Glitter served a 27-month prison sentence in Vietnam
Paedophile and former pop singer Gary Glitter has been ordered to sign the sex offenders register after arriving back in the UK.
Glitter, who spent 27 months in a Vietnam jail for abusing two girls, left Heathrow airport for an undisclosed location on his return.
His solicitor called the singer's conviction a "travesty of justice".
Glitter, 64, and whose real name is Paul Gadd, became famous as a glam-rock star in the 1970s.
A judge at Uxbridge Magistrates' Court agreed to a notification order, which means Glitter must sign the register. The singer has 21 days to appeal against the order, which will last indefinitely.
Once he has been served papers by police, Glitter has three days to sign the register.
He has informed police of the address at which he will be living, but the address has been kept secret.
Home Secretary Jacqui Smith said Glitter will be monitored by the authorities and that her "top priority" is to ensure children's safety.
She said: "I'm confident that we can protect children here and that is my top priority - the protection of children, not of offenders."
GARY GLITTER'S TRAVELS
Deported from Vietnam on Tuesday
Refused connecting flight from Bangkok to UK
Flew to Chinese territory of Hong Kong
Refused permission to enter Hong Kong
Returned to Bangkok on Thursday
Persuaded to return to UK
According to Glitter's solicitor, David Corker, Glitter said his conviction had been the result of an "unfair trial". The solicitor also said his client had used the past few days to make preparations for his return to the UK.

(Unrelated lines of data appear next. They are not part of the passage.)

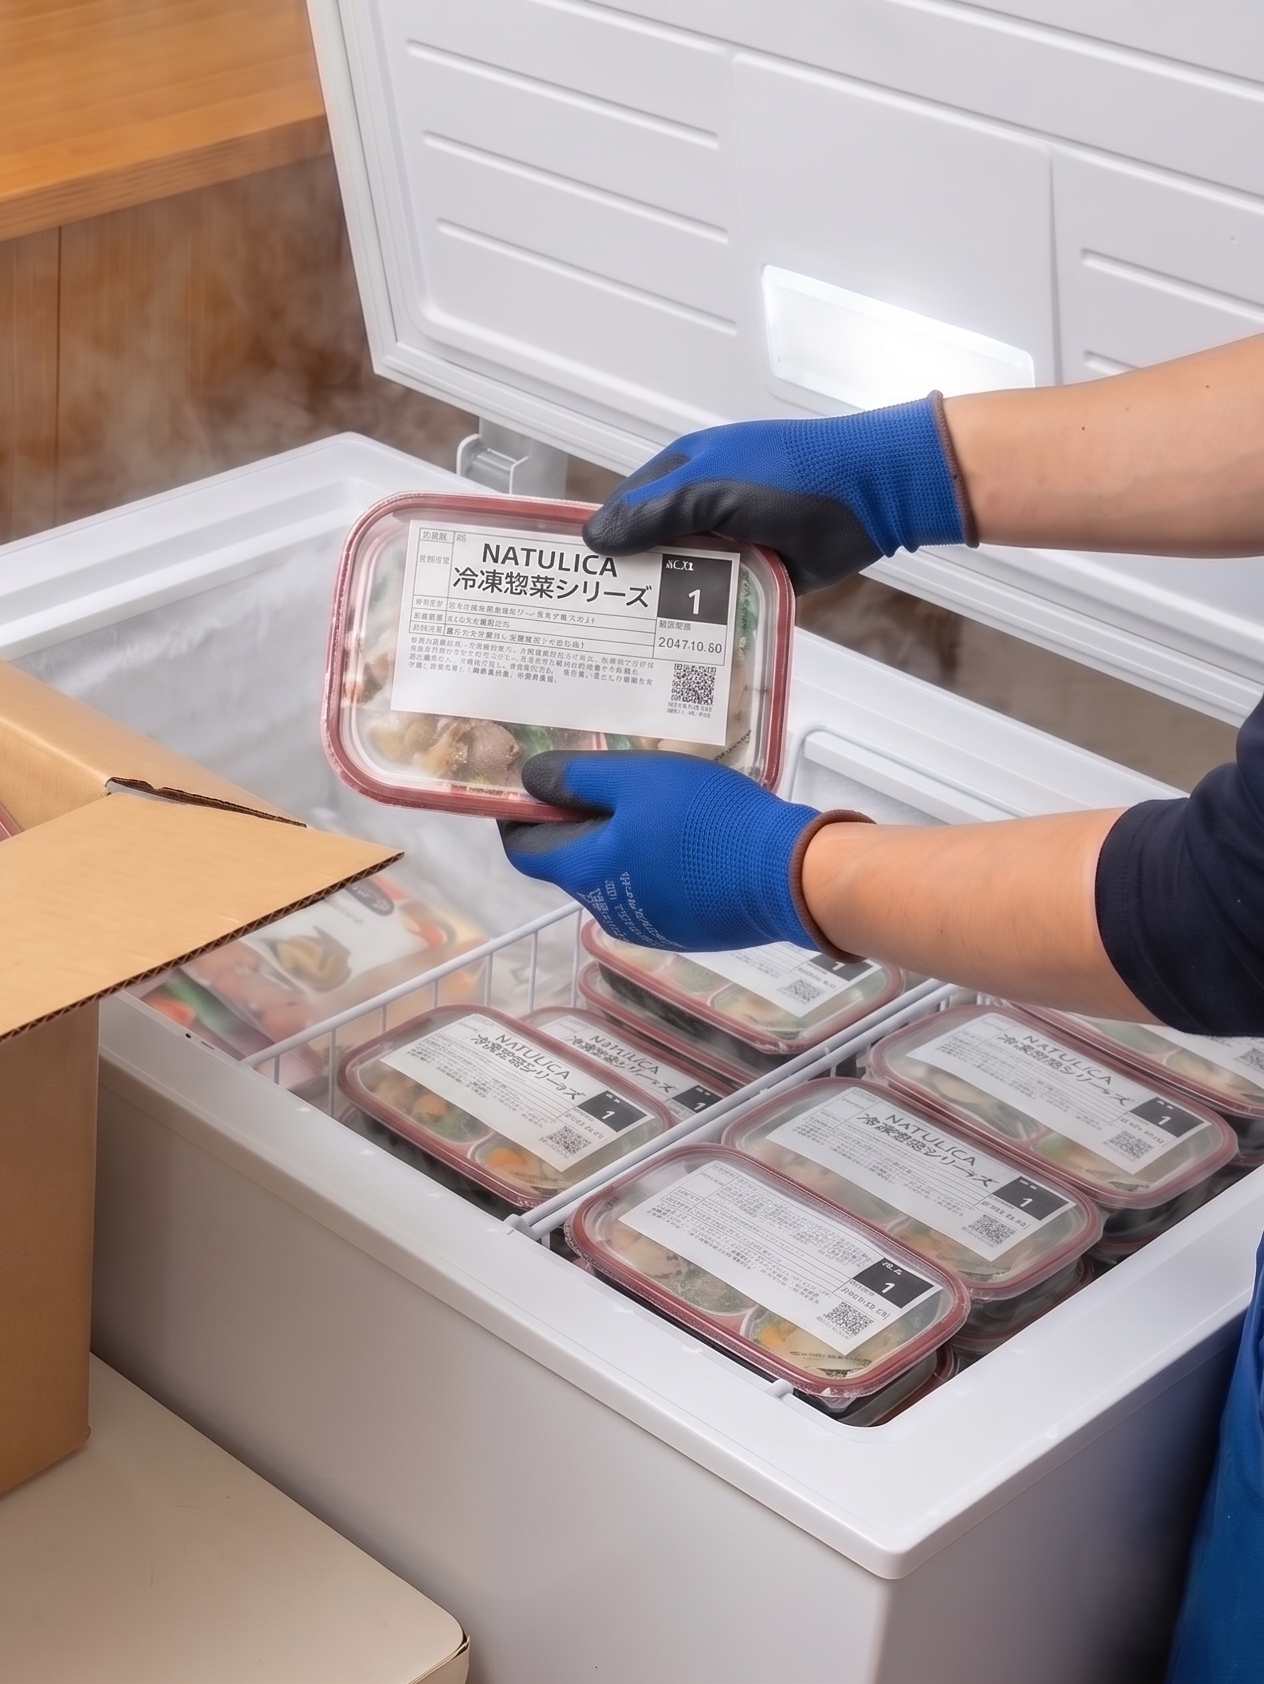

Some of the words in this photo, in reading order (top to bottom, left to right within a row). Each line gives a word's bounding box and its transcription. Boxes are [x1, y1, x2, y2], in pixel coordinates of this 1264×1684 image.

[482, 543, 618, 578] NATULICA
[453, 566, 652, 608] 冷凍惣菜シリーズ
[688, 589, 701, 615] 1
[602, 1110, 616, 1120] 1
[881, 1282, 896, 1294] 1

"Mr Gadd is pleased to be back in this country," Mr Corker said.
"The last few days, as you know, he's spent travelling around Asia.
"That time was not wasted. It enabled Mr Gadd and others to put into practice a plan for his proper and safe arrival here. Mr Gadd is not a well man. He needs medical attention.
"He's also unsurprisingly concerned about his safety, and these past few days have enabled the Metropolitan Police and I, on his behalf, to put into plan a proper procedure for his protection and his wellbeing, and I'm pleased to say that's now in place."
Glitter was denied entry to Hong Kong and twice to Thailand this week, after he refused to return to Britain.
Mr Corker said Glitter was eager to appear before a UK court in an attempt to clear his name.
The solicitor said Uxbridge Magistrates' Court had not agreed to hear Glitter's claims that the Vietnamese system had mistreated him, but he hoped to have a future opportunity to have his case heard before a UK court.
Mr Corker also said his client feared he had caught tuberculosis while in prison.
Glitter was previously on the sex offenders register for seven years, after he was jailed in the UK for four months in 1999 for possessing images of child abuse.
He will be subject to monitoring and have to tell the police if he plans to go abroad. He can live where he wants in the UK, but he will be legally bound to notify the police of his intended address.
He could also face an order prohibiting him from going near children or using the internet.
The National Association of Probation Officers said it was likely Glitter would be assessed as high risk and would be subject to unannounced visits.
Earlier in the week Ms Smith said Glitter should be given a Foreign Travel Order, banning him from overseas travel.
She also set out proposals to prevent convicted paedophiles from travelling abroad and said Glitter had not had his passport renewed when he had been in Vietnam.
But shadow home secretary Dominic Grieve says Ms Smith has not thought through these plans.
The BBC's Jonathan Head says 19 countries had said they would refuse Glitter entry.